08/09/2014
Mayerling, de Litvak
Le drame d’un amour impossible
Mayerling
Le film d’Anatole Litvak retrace les événements qui ont conduit au double suicide de l’archiduc Rodolphe et sa maîtresse Marie Vetsera. Le spectateur est pris par l’histoire et se demande par quel chemin les deux amants vont arriver au geste fatal. Mayerling, qui rencontra le succès à sa sortie en 1936, est servi par deux acteurs exceptionnels, Charles Boyer et Danielle Darrieux.
En général, les films inspirés de faits historiques célèbres ont une fâcheuse tendance à être ennuyeux, tant ils essayent de coller à la réalité. Mayerling, d’Anatole Litvak, fait exception. Le film, qui rencontra le succès international à sa sortie en 1936, est avant tout une tragédie contant l’histoire d’un amour impossible entre un prince et une jeune femme.

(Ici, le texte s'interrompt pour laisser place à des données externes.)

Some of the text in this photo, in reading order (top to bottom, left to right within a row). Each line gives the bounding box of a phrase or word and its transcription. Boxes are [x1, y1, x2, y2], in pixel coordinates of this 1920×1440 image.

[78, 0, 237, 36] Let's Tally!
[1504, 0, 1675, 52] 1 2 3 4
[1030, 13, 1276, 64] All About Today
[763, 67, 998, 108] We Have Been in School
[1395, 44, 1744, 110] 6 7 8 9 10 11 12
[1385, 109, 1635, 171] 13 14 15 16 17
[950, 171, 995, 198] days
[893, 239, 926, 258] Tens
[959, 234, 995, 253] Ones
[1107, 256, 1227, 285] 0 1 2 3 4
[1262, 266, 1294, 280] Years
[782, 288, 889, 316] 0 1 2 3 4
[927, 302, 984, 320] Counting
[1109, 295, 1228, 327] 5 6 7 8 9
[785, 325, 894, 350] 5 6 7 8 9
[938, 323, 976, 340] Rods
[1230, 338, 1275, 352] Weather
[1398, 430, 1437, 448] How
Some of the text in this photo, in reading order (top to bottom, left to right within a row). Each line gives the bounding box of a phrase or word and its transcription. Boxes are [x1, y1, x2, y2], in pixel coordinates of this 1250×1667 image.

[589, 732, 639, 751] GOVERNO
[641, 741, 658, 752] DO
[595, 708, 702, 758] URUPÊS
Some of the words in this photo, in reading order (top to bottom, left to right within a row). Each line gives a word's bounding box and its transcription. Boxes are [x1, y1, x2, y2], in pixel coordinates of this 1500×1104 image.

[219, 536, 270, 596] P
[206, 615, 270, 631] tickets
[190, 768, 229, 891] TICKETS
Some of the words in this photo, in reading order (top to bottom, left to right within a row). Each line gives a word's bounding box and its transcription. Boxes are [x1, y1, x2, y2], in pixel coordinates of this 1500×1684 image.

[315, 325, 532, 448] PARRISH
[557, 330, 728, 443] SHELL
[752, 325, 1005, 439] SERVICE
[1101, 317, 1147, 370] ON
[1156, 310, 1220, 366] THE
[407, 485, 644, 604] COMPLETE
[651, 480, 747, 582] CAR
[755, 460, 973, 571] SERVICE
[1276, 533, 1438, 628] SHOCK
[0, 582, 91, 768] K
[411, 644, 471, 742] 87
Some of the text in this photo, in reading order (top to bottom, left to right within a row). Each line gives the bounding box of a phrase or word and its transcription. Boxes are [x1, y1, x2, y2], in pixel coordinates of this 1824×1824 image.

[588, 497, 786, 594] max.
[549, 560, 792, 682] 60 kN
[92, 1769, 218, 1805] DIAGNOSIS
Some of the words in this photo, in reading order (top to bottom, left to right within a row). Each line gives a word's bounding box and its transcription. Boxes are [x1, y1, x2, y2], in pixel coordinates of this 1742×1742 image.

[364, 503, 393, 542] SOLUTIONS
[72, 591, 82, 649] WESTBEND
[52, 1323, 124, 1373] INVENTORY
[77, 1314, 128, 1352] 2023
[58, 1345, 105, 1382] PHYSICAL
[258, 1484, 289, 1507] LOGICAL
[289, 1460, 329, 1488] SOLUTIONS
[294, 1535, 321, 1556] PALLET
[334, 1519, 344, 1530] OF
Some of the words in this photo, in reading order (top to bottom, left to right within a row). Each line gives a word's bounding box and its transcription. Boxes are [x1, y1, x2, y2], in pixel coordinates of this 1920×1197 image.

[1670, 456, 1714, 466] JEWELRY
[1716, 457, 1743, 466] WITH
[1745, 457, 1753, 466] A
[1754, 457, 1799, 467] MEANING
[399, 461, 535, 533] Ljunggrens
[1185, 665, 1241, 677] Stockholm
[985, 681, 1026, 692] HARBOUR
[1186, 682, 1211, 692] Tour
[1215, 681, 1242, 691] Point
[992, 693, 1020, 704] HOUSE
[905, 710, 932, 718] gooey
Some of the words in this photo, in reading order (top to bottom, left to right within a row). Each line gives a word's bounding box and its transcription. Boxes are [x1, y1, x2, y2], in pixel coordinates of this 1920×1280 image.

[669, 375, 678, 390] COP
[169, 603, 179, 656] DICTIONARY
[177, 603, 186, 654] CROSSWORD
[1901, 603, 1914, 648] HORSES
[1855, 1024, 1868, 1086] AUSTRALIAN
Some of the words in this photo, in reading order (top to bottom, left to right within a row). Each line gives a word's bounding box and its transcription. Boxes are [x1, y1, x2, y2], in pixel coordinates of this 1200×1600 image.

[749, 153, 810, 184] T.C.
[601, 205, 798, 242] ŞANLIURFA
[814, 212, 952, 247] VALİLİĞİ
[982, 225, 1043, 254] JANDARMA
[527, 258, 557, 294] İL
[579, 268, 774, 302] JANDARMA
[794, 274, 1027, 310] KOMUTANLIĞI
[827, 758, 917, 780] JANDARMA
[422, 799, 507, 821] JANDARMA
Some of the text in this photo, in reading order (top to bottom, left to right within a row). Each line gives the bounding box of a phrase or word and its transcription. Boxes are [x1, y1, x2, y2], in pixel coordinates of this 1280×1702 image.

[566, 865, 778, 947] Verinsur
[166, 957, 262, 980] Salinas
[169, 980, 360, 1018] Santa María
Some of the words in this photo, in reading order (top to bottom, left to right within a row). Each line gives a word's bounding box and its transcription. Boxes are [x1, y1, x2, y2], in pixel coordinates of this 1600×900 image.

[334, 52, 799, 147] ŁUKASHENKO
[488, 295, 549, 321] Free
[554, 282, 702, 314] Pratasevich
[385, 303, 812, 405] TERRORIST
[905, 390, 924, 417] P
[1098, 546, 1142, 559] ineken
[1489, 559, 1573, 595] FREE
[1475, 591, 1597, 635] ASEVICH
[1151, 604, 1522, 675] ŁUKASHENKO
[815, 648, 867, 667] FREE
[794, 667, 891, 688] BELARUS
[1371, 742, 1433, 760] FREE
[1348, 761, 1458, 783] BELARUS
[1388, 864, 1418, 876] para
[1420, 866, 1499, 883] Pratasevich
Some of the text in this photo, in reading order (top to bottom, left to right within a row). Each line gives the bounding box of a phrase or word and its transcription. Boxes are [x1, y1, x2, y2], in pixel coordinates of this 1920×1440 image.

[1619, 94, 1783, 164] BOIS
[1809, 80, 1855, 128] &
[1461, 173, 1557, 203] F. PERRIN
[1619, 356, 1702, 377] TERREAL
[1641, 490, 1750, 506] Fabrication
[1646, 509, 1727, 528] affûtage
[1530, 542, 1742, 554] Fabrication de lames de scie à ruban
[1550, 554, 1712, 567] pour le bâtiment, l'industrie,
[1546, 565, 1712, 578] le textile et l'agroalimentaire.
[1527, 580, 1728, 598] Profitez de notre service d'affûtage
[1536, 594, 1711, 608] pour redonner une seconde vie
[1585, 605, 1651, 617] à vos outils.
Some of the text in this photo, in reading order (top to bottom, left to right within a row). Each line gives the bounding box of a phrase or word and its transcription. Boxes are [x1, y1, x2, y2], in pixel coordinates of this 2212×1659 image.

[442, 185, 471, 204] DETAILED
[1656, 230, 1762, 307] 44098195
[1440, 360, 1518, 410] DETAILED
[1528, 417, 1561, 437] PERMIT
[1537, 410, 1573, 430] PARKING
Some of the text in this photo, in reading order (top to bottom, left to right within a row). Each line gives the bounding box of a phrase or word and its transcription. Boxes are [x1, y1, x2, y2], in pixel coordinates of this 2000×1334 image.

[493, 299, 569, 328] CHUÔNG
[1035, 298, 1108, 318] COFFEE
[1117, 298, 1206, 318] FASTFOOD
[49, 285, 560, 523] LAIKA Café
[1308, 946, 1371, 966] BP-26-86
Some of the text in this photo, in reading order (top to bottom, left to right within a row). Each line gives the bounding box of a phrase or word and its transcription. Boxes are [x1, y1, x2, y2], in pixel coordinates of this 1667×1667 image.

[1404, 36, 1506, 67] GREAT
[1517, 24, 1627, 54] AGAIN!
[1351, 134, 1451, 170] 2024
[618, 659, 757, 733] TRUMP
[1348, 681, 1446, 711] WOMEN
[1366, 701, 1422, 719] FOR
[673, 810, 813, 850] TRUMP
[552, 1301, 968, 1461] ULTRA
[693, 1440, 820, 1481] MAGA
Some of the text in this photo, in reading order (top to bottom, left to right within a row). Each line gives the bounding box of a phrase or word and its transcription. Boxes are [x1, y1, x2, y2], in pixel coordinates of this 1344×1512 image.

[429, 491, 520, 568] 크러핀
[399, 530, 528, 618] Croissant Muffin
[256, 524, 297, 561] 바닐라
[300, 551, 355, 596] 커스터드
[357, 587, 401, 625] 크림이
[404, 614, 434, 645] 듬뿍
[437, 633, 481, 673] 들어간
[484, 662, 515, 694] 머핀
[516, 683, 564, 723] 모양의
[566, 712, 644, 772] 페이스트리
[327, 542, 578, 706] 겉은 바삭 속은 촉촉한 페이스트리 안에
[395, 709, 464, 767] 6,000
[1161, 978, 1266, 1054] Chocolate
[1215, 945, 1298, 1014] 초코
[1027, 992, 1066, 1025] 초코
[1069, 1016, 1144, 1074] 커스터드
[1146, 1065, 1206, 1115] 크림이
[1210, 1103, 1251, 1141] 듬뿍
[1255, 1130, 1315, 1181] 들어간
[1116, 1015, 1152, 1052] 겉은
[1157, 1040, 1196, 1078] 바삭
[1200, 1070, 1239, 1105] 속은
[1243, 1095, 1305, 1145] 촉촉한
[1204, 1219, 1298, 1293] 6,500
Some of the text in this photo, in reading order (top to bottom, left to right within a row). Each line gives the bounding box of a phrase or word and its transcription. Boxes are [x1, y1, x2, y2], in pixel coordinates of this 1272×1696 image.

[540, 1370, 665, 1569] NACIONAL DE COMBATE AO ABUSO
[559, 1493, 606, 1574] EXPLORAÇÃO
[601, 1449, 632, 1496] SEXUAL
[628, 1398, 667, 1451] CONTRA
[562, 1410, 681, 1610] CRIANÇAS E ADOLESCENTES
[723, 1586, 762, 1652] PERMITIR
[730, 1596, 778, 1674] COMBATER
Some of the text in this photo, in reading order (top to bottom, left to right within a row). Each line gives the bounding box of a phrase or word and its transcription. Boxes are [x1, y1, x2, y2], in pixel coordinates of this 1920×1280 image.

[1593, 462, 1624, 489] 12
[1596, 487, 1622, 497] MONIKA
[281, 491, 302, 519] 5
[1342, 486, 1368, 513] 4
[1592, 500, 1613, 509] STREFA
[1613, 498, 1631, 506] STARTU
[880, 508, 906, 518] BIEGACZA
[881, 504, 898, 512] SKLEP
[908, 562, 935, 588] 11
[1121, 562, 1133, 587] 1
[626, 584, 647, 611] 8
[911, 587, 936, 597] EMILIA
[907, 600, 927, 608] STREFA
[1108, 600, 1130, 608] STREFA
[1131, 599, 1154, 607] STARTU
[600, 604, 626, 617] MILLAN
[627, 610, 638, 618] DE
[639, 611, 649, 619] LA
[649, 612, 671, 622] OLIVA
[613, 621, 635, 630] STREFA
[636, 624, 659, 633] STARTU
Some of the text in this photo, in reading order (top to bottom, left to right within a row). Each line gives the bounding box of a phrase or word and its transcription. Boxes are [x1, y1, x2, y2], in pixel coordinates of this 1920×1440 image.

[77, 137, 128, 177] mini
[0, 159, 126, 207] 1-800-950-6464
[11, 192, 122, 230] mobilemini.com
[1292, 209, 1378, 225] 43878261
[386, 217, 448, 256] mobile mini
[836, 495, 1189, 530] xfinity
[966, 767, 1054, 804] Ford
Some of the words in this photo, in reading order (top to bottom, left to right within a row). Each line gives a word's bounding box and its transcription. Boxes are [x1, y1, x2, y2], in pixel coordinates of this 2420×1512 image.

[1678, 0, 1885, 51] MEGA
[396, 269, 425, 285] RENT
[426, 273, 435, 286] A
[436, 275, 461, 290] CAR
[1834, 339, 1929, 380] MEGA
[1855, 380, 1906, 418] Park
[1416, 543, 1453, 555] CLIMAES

L’archiduc Rodolphe, héritier des deux couronnes d’Autriche et de Hongrie, épouse la princesse Stéphanie de Belgique. Ce mariage lui a été imposé par son père l’empereur François-Joseph. Mais un jour, lors d’une rencontre fortuite, Rodolphe fait la connaissance de Marie Vetsera, une jeune fille de la noblesse, dont il tombe aussitôt amoureux. L’empereur apprend la liaison et somme son fils de la rompre. Rodolphe déclare à son père qu’il a demandé à Rome l’annulation de son mariage, pour être libre d’épouser Marie. L’empereur est furieux.
Le spectateur connait d’avance la fin du film, et pourtant il est pris par l’histoire et se demande par quel chemin les deux amants vont arriver au geste fatal qui empêchera à jamais leur union d’être brisée par autrui. En attendant le dénouement inéluctable, on chante et on danse beaucoup dans Mayerling. Les concerts et les bals sont nombreux dans la Vienne impériale, mais la tragédie plane.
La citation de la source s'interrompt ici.